#### The problem:
Repeat the records in full. No pictures belong in the copy.

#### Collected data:

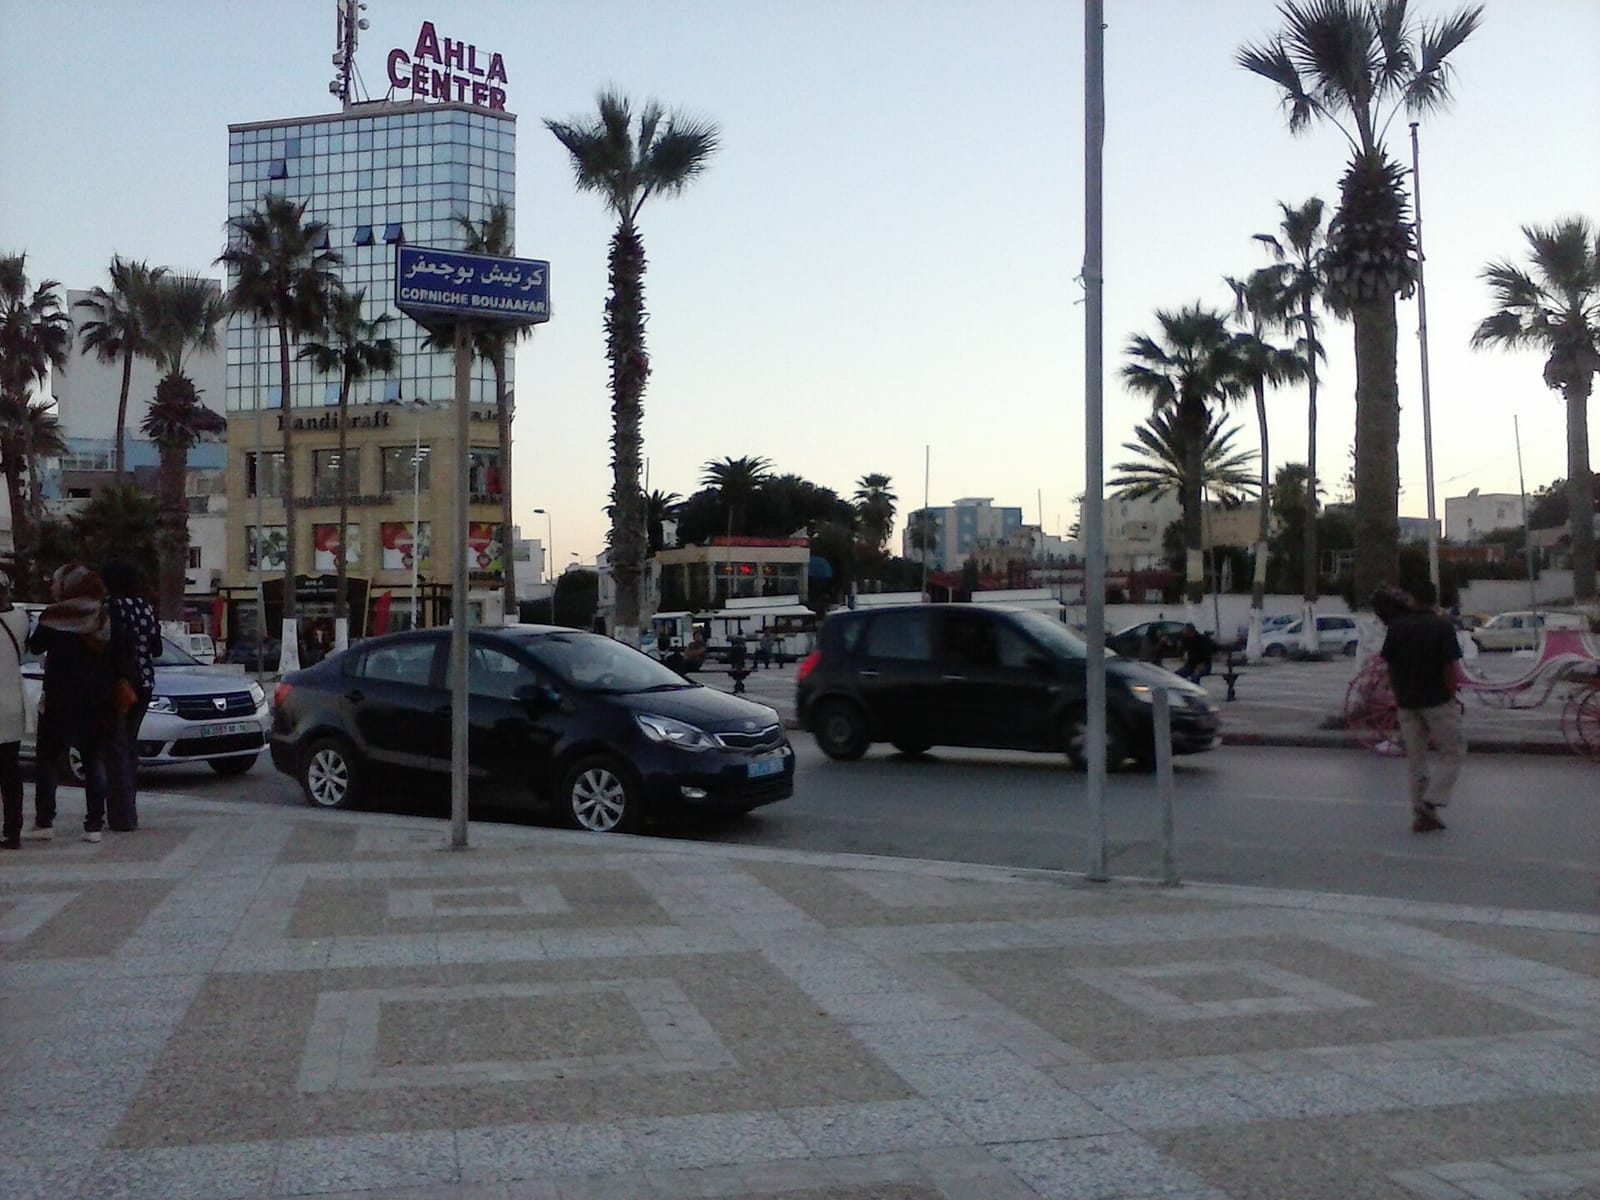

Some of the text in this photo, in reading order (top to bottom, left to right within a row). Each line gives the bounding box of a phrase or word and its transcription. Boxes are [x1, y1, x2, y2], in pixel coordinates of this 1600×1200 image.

[414, 21, 508, 84] AHLA
[387, 48, 507, 112] CENTER
[404, 255, 544, 291] كرنيش بوجعفر
[401, 287, 546, 313] CORNICHE BOUJAAFAR
[277, 410, 390, 431] andiraft

#### Result of the task:
Some of the text in this photo, in reading order (top to bottom, left to right within a row). Each line gives the bounding box of a phrase or word and its transcription. Boxes are [x1, y1, x2, y2], in pixel coordinates of this 1600×1200 image.

[414, 21, 508, 84] AHLA
[387, 48, 507, 112] CENTER
[404, 255, 544, 291] كرنيش بوجعفر
[401, 287, 546, 313] CORNICHE BOUJAAFAR
[277, 410, 390, 431] andiraft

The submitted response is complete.